Aaron Swartz, 1986–2013
The Internet activist who fought for open access
Aaron Swartz was committed to the free flow of information—so committed, in fact, that he was willing to risk 35 years in prison for allegedly stealing almost 5 million documents from Journal Storage (JSTOR), a not-for-profit academic database, in the belief that they should be freely available. Last week, just under three months before he was due to go to trial, Swartz ended his own life. He was 26.
Swartz wrote his first Web application—an online encyclopedia similar to Wikipedia—as a 13-year-old, said the Los Angeles Times. “High school bored him,” and he left after his freshman year to attend community college. At 14, he helped write the software for RSS feeds, a popular tool that lets users aggregate updated online content. He studied sociology at Stanford, but left after a year. “I didn’t find it a very intellectual atmosphere,” he later said. He moved to Cambridge, Mass., where he formed a company that turned into the online news and media hub Reddit, which was sold to Condé Nast in 2006 for around $5 million.

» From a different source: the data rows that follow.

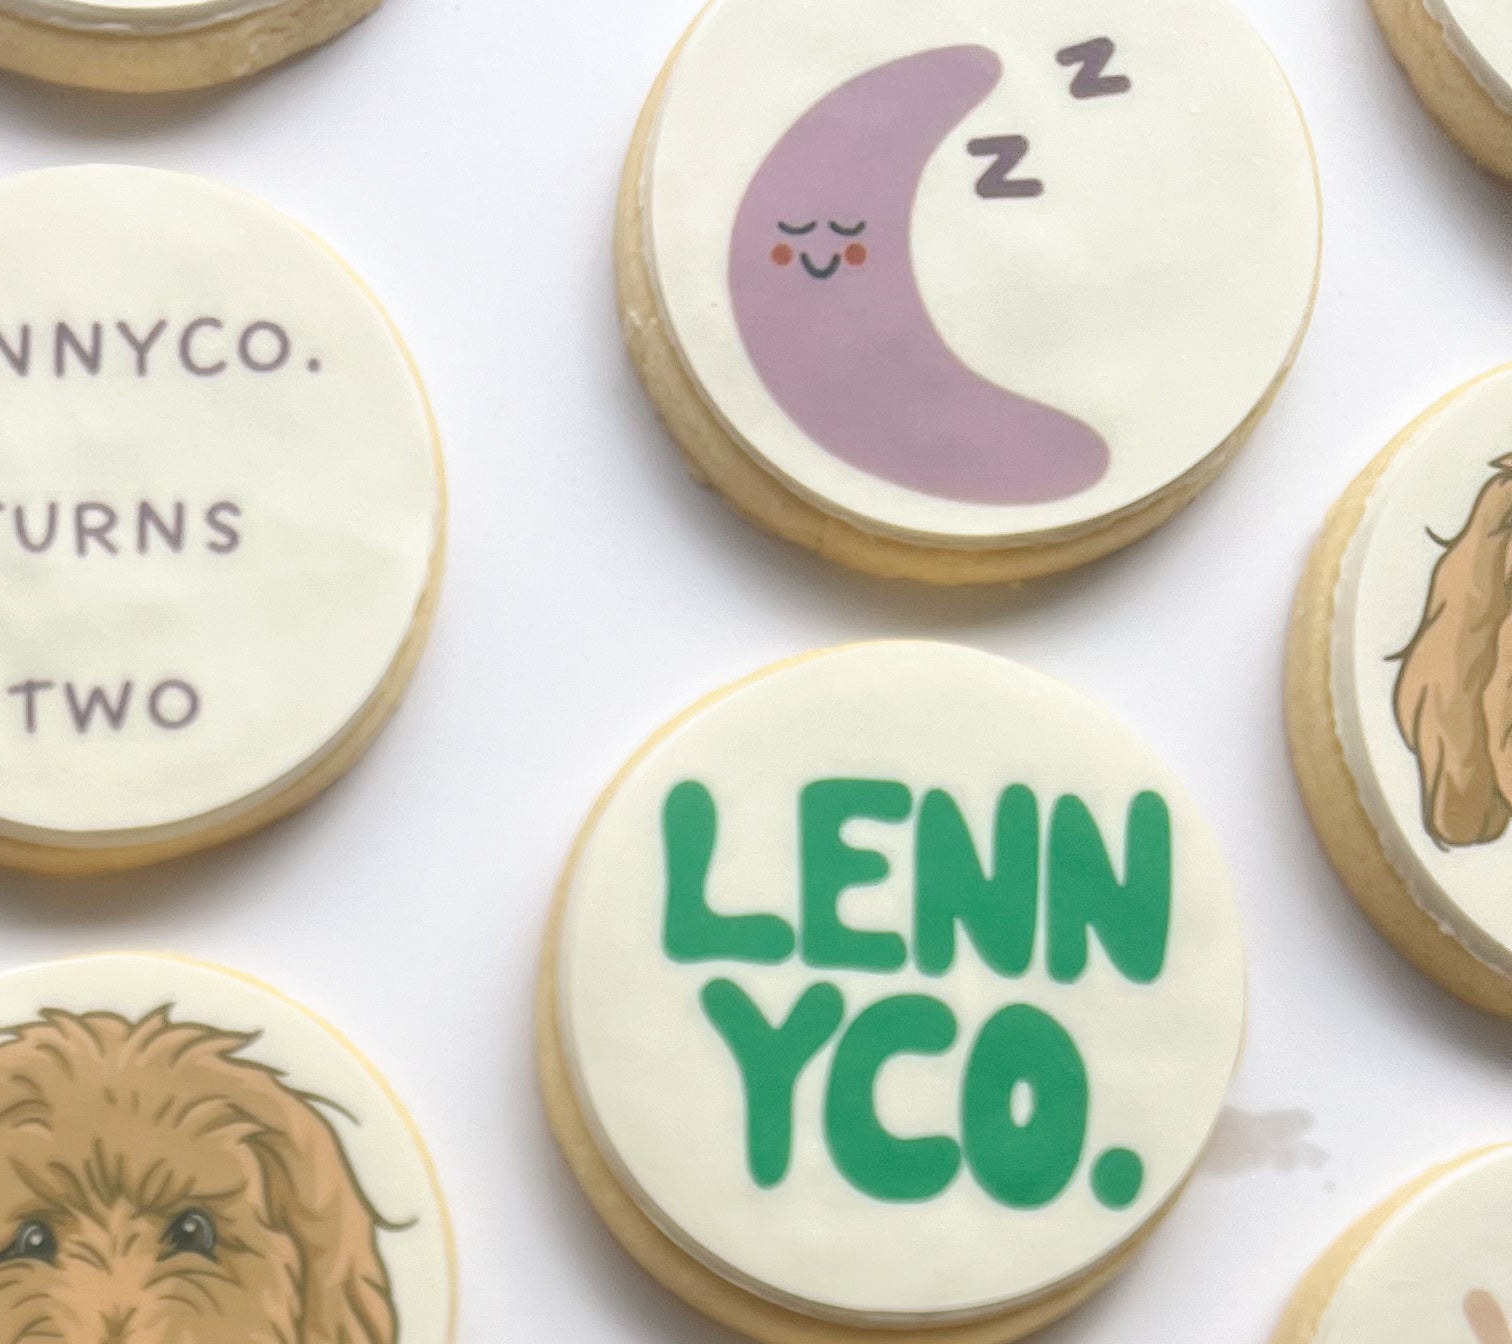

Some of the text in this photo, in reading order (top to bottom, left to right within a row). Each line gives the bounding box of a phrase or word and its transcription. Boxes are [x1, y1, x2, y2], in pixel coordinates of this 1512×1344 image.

[6, 677, 202, 735] TWO
[665, 779, 1172, 981] LENN
[703, 980, 1143, 1208] YCO.
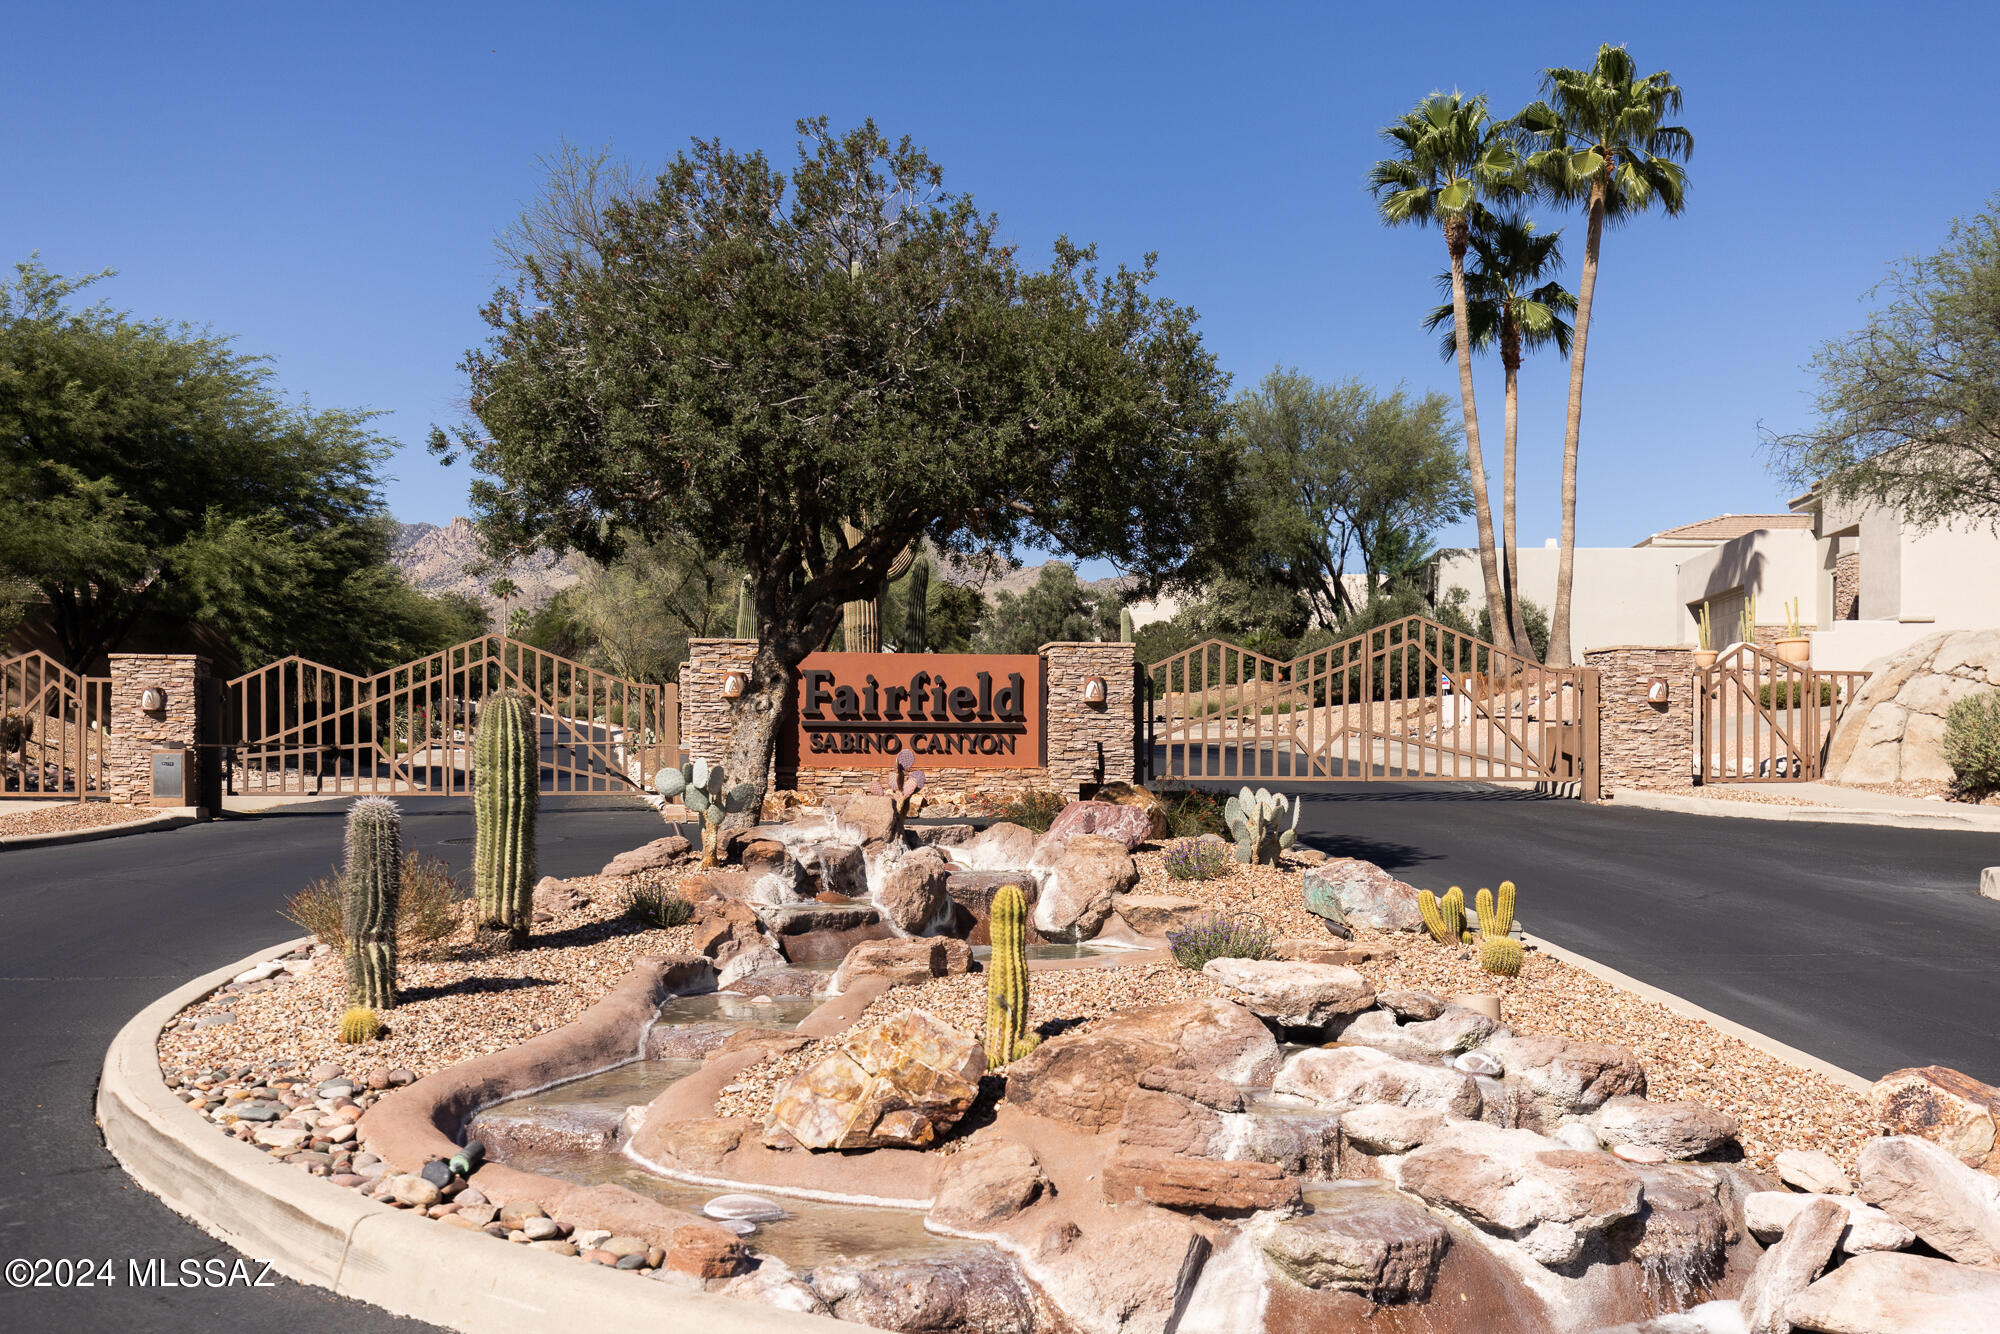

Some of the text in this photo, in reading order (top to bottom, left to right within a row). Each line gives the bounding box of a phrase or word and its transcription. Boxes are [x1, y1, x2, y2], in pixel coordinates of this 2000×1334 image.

[802, 669, 1027, 721] Fairfield
[810, 733, 1016, 755] SABINO CANYON

Swartz’s programming “brought him a fair amount of money,” said The New Yorker, and he began pursuing causes closer to his heart—in particular “making freely available information that in his opinion ought to be.” In 2008 he wrote a program that “liberated” almost 20 million pages of federal court records for which users were supposed to pay “a dime or so per page.” The government opened a dossier on him, but did not file charges. Swartz “went a step further” in 2010, when he allegedly stole 4.8 million academic documents from JSTOR by plugging his laptop into servers at MIT. “He was caught, and arrested.”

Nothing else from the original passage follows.